Saturday, February 21, 2015

Feeling like an exhausted and emotional superwoman!

Here I am, sitting in the car while J-Bear naps.  Laptop leaning against the steering wheel.  Snow steadily falling.  Coffee beside me.  Blogging to begin.

It's been an emotional few days.  Those of you who aren't in the Greater Toronto Area wouldn't necessarily know the terrible story of a three year old boy who left his grandmother's apartment at 4am in the frigid temperatures wearing only a pull up, t-shirt, and boots.  He was found 300m away 6 hours later.  I can't stop thinking about him and his family.  My only way to understand this is that it was late and cold and he just curled up and went to sleep without suffering.  The cold has been so intense that there have been cold weather alerts for days - students haven't played outside during recess, fingers are frozen through gloves within seconds.  And the poor family - waking up to find out they will never see their little man again.  How will they cope?

And then, something terrible happened in my classroom yesterday.  I can't blog about it as it is confidential.  But it makes me think about how we send our children to school and expect them to be safe and treated well.  I'm not sure what I would do or how I would react if I got a phone call about something happening to my child.  I'd be on the phone with the trustee, the superintendent, the principal, demanding action.  Demanding that my child be safe in the classroom.  As I explained to the mother last night (I called home at 9:30pm), I try to take care of these kids as if they are my own children, as I hope my children's teachers take care of them when they are not in my care.

Severe sleep deprivation and emotions running high.  And then SR wakes up this morning saying she can't walk - can't put pressure on her right leg - but she was okay to crawl around on the floor.  I didn't know if she was being over dramatic (she's pretty dramatic) or serious.  But she had to miss her fitness class this morning with her best friend, A, and miss going with him to the library after.  If she's too uncomfortable to do that, then I had to take her seriously.  Our doctor's office was closed, but we got an appointment with the pediatrician on call at another office.

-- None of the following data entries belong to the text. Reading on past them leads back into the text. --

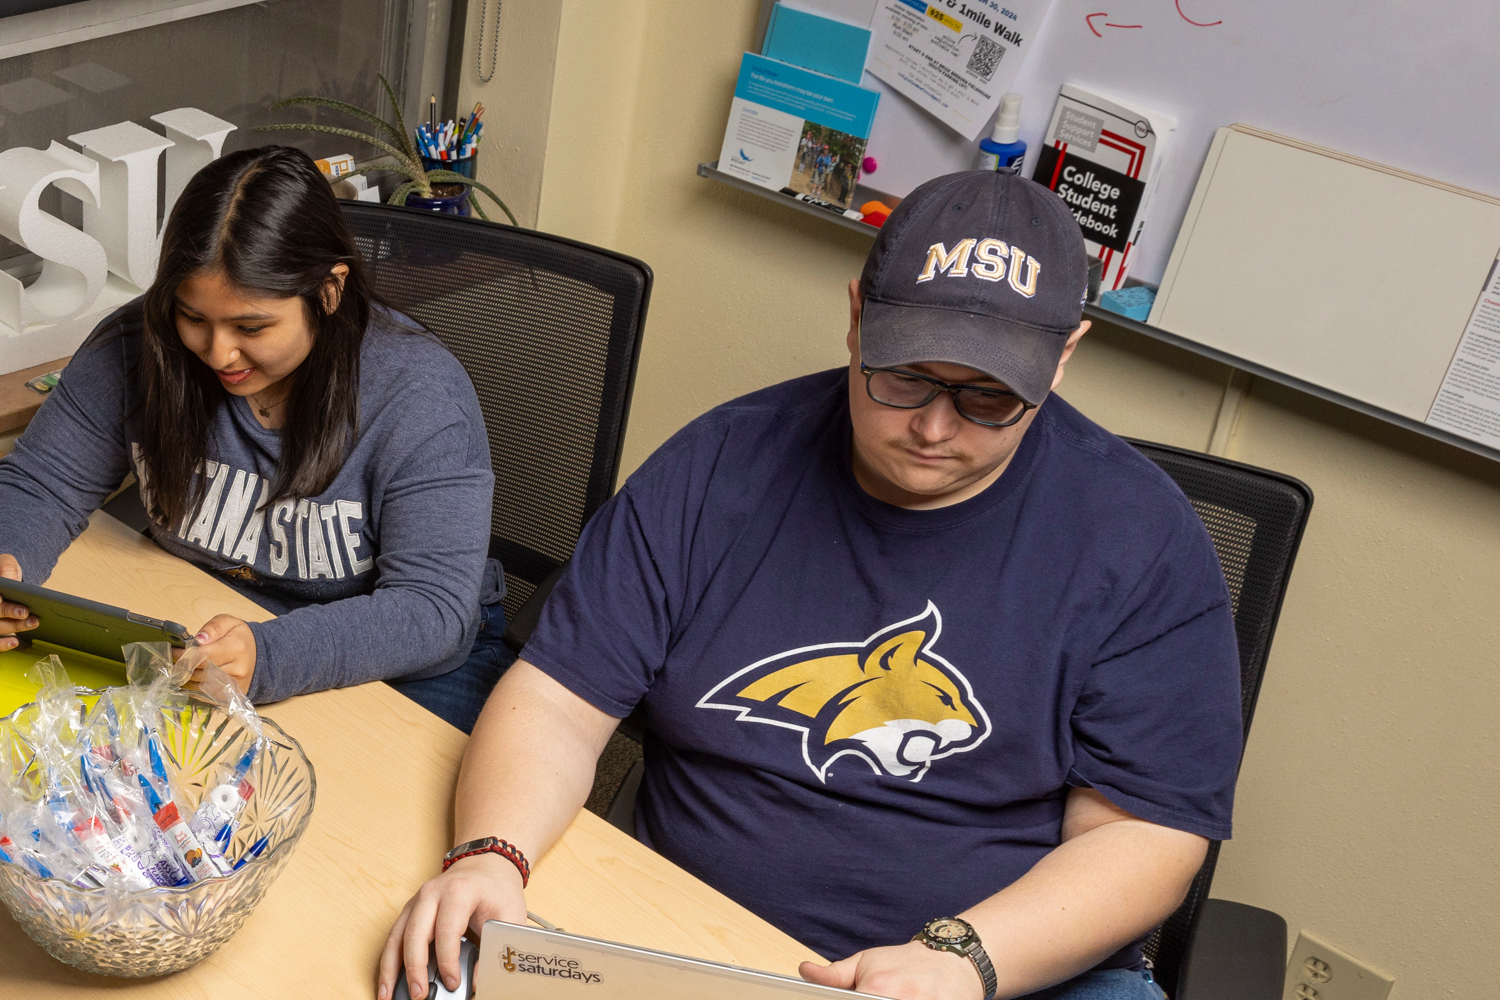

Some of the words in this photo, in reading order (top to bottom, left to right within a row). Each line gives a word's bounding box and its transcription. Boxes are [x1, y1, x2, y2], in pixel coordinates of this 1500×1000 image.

[928, 8, 944, 21] $25
[988, 1, 1001, 12] 30,
[1000, 7, 1018, 21] 2024
[957, 2, 993, 28] 1mile
[991, 22, 1024, 46] Walk
[908, 44, 921, 53] START
[938, 63, 951, 73] BRICK
[949, 71, 969, 84] BREEDEN
[966, 82, 991, 99] FIELDHOUSE
[927, 62, 942, 73] (SOUTH
[940, 71, 959, 84] PARKING
[957, 82, 968, 90] LOT)
[1061, 120, 1095, 138] Support
[1064, 111, 1097, 128] Student
[1058, 129, 1093, 147] Services
[1059, 165, 1123, 202] College
[1055, 183, 1120, 217] Student
[916, 237, 1041, 299] MSU
[268, 498, 376, 580] STATE
[517, 951, 579, 969] service
[517, 962, 601, 984] saturdays

My plan was to take the double stroller, because S couldn't "walk, and then I could safely get the kids into the doctor.  But as I went to look at the double stroller in the garage, I was going to inspect it for mouse droppings (there are traps in my garage, but it hasn't been opened since the fall), I moved the stroller and saw what looked like a clump of hair/fur on the floor.  In typical girl fashion, I panicked and decided I did not want to see what was inside the stroller (my strong daddy can come over and open the stroller tomorrow to make sure there's nothing there), and I decided to take my chances letting J run and pushing the 4 year old in the single stroller.

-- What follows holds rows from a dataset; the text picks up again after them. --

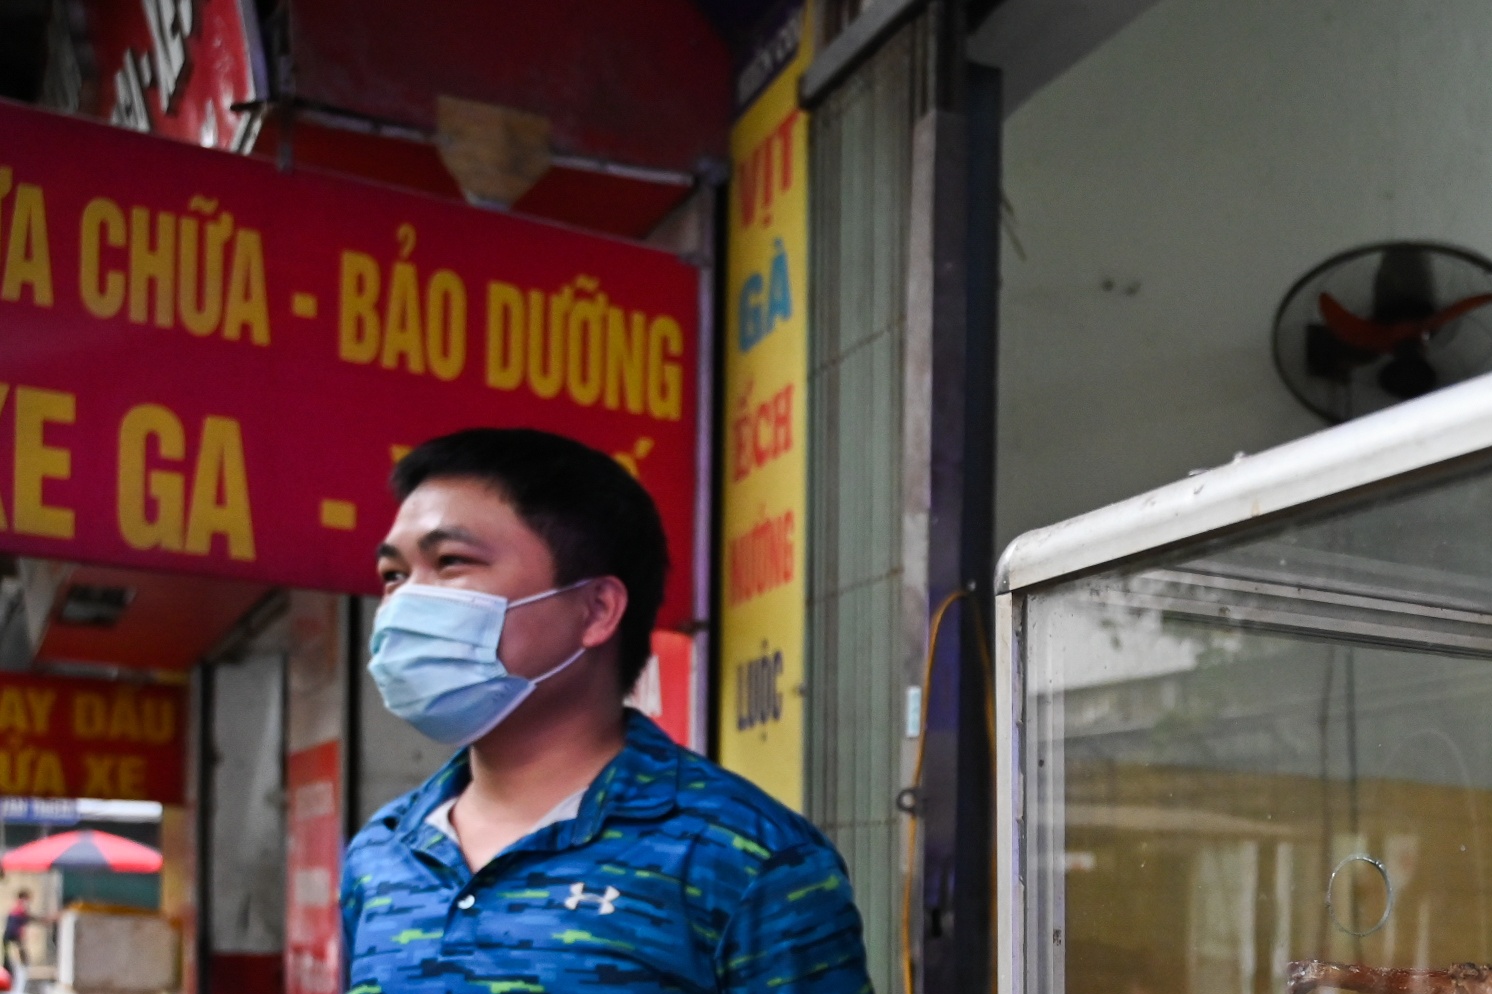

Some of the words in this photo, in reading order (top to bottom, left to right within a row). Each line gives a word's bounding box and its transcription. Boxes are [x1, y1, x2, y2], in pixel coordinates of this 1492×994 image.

[79, 193, 271, 346] CHỮA
[339, 224, 466, 382] BẢO
[487, 273, 683, 422] DƯỠNG
[739, 236, 792, 356] GÀ
[117, 404, 256, 563] GA
[732, 381, 794, 483] ẾCH
[736, 638, 783, 742] LUỘC
[84, 754, 147, 798] XE

Here's where Superwoman comes in.  I had J-Bear on his new leash harness, and SR in the stroller.  He was running and falling, while I tried to steer the stroller.  I got us into the elevator (by asking someone who was getting off if they wouldn't mind holding it open for me - um, hello common sense people just watching me struggle), up to the doctor and through the door.  Shoes have to be taken off there and strollers left in the wait room.  I'm carrying my 4 year old into the dr room, and J starts freaking out thinking he's getting checked out by a stranger.  Trying to keep J from climbing the stairs to the bed while S is being examined.  Then we have to make our way to the xray room to have her knee checked out.  J in stroller, s on the xray bed, and I had to trust the tech with my daughter b/c J couldn't be in the room and he wouldn't let me go in and be left with a stranger.  The walk back to the dr office, I decided to keep J in the stroller and I carried S in a cradle hold while pushing the stroller - hence superwoman.

AND SHE'S FINE!!!!

I get to my parents' place and my dad was still at the synagogue, S went inside for lunch, and J is napping.  So I decide to shovel their driveway, as I know my neighbours are doing my drive.  Something nice.  My dad walks up, their drive is huge, and I'm almost done.  No thank you, just "oh, the service guy will be coming soon.  You don't have to do this."  My dad loves to shovel, but he had surgery this winter and so hired a company this year.

So that's my update.

Loving being a mommy.  Would love a little more sleep.  Glad to be on blogger.  This outlet helps so much.


4 comments:

  1. Oh my gosh, that is too much for one week. That story about the little boy is just heartbreaking, that would weigh on me too. I hope next week is a much better and easier one for you.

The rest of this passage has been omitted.